By Walter Elliott
NEWARK – Mayor Ras Baraka may have signed an ordinance by when you read this, that the Municipal Council approved March 17, that places a cap on redevelopers’ “Pay-to-Play” contributions.
The Mayor like with most pother legislation, has 20 days to sign a council-passed ordinance for it to take effect. Although tis 20-day period ends April 5, Baraka may have signed on long before then.
Baraka’s respective Corporate Counsel and Business Administrator, Kenyatta Stewart and Eric Pennington, had introduced this revision to the city’s May 2011 “Pay-to-Play” legislation before the Council Feb. 3.
The measure repeals the previous ban on developers making contributions to municipal-level candidates’ campaigns and/or political parties with a $300 per candidate limit.
A developer may contribute more than $300 per candidate – but makes himself or herself subject to the city’s “fair and open process” when filing for a contract bid.
The Council’s March 17 passage and Baraka’s likely signing will replace the up to $2,800 a potential contractor or developer can contribute to a candidate’s campaign.
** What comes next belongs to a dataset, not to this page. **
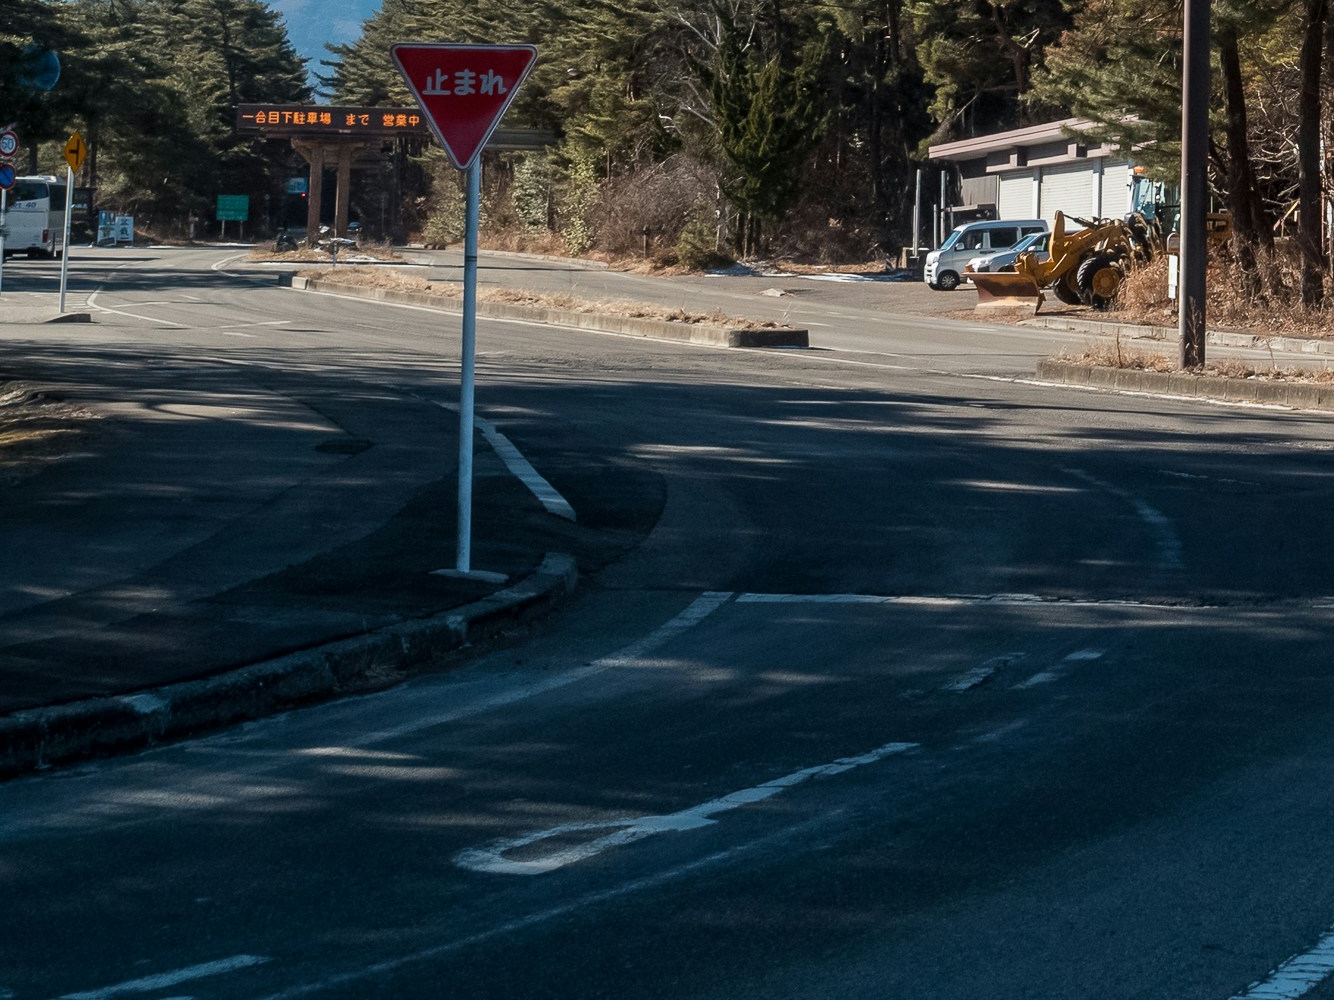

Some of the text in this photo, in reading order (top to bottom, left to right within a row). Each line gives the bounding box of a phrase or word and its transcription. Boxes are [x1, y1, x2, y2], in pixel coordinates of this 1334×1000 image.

[422, 68, 507, 96] 止まれ
[242, 110, 420, 127] 一合目下駐車場 まで 営業中
A $2,800 contributor will have to sit out from contract bidding until the next year.
The March 17 amendment, on one hand, relaxes the formerly hard and fast rule the 2011 Municipal Council had put into law. That legislation formally put Gov. Jon S. Corzine’s 2008 executive order barring potentially contract bidding contractors from making campaign contributions. Newark was among the 150 municipal and county legislatures that have put the order into their legal code.
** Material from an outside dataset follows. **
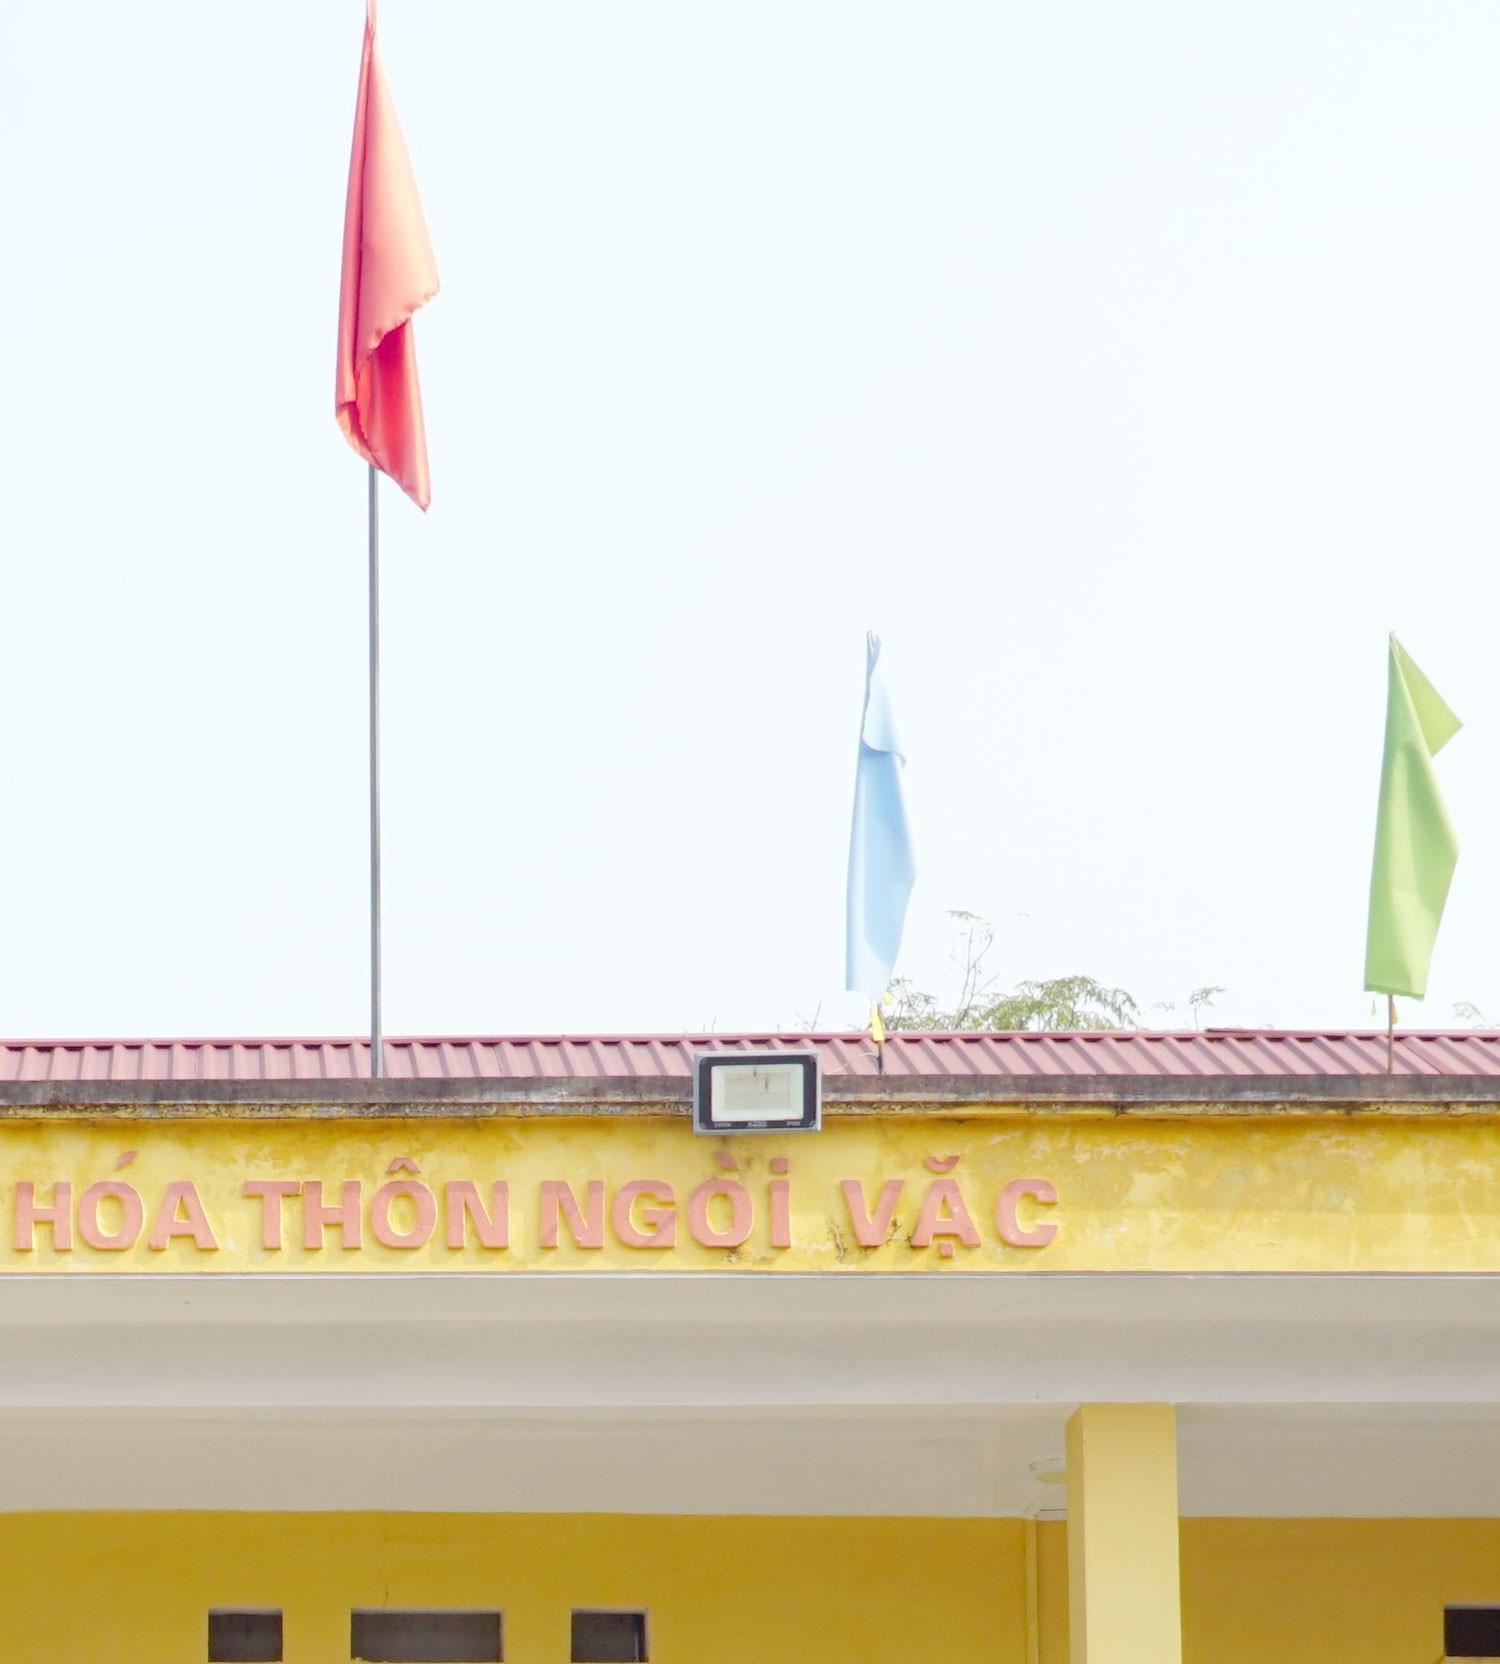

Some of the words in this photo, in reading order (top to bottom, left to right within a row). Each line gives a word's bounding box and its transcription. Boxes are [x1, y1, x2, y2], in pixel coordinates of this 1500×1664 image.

This amendment is the first granted by the council in 10 months. Newark’s elders had earlier relaxed Corzine’s 2008 order and their own 2011 law May 20, 2020.
The May 20 amendments included:
· Newark-focused PAC or CPCs and Essex County political party committees being exempted from “Pay-to-Play.”
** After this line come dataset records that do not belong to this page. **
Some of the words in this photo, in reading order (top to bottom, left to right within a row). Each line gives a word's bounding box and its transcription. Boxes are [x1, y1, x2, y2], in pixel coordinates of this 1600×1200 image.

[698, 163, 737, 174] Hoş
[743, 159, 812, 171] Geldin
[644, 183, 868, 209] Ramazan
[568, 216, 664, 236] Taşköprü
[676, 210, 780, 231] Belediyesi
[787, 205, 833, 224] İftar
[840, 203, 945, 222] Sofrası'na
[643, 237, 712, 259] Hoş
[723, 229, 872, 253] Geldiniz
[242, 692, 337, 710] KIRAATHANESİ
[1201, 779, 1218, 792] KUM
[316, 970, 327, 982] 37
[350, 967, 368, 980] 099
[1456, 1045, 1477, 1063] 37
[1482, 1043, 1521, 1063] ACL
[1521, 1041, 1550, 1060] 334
· “No exemption for fair and open contracts” language removed.
· $300 individual and $2,500 business entity contributions annual limits were removed.
Baraka’s administrators, on Feb. 3 and March 17, have said that the latest revision makes for a more level contribution field.
“If there’s a $300 rule for lawyers, garbage companies and everybody else who has to go before the council,” asked Stewart March 17, “then why are we focused on the rule for developers? If you contribute in a fair and open process, you deserve an opportunity like anybody else.”
“We’ll have restrictions that’ll be the same as the state and other municipalities that follow the state’s guidelines – no more, no less,” added Pennington. “The guidelines that are in place are to ensure that there’s no quid pro quo and no untoward conduct applicable to the Municipal Council.”
North Ward Councilman Anibal Ramos, Jr. viewed the latest amendment as another step away from the days when Gov. Chris Christie, Corzine’s successor, had sent a monitor to observe the city’s financial practices in exchange for some budget-balancing state funding.
“The city was under special conditions with the state,” said Ramos. “The (Baraka) administration is looking to have a law in place which’ll mirror what the state contribution limits are and build some consistency.”
While these rules are set to go forward, there is no particular certainty about what would happen to those redevelopers who “pay to play” off the record.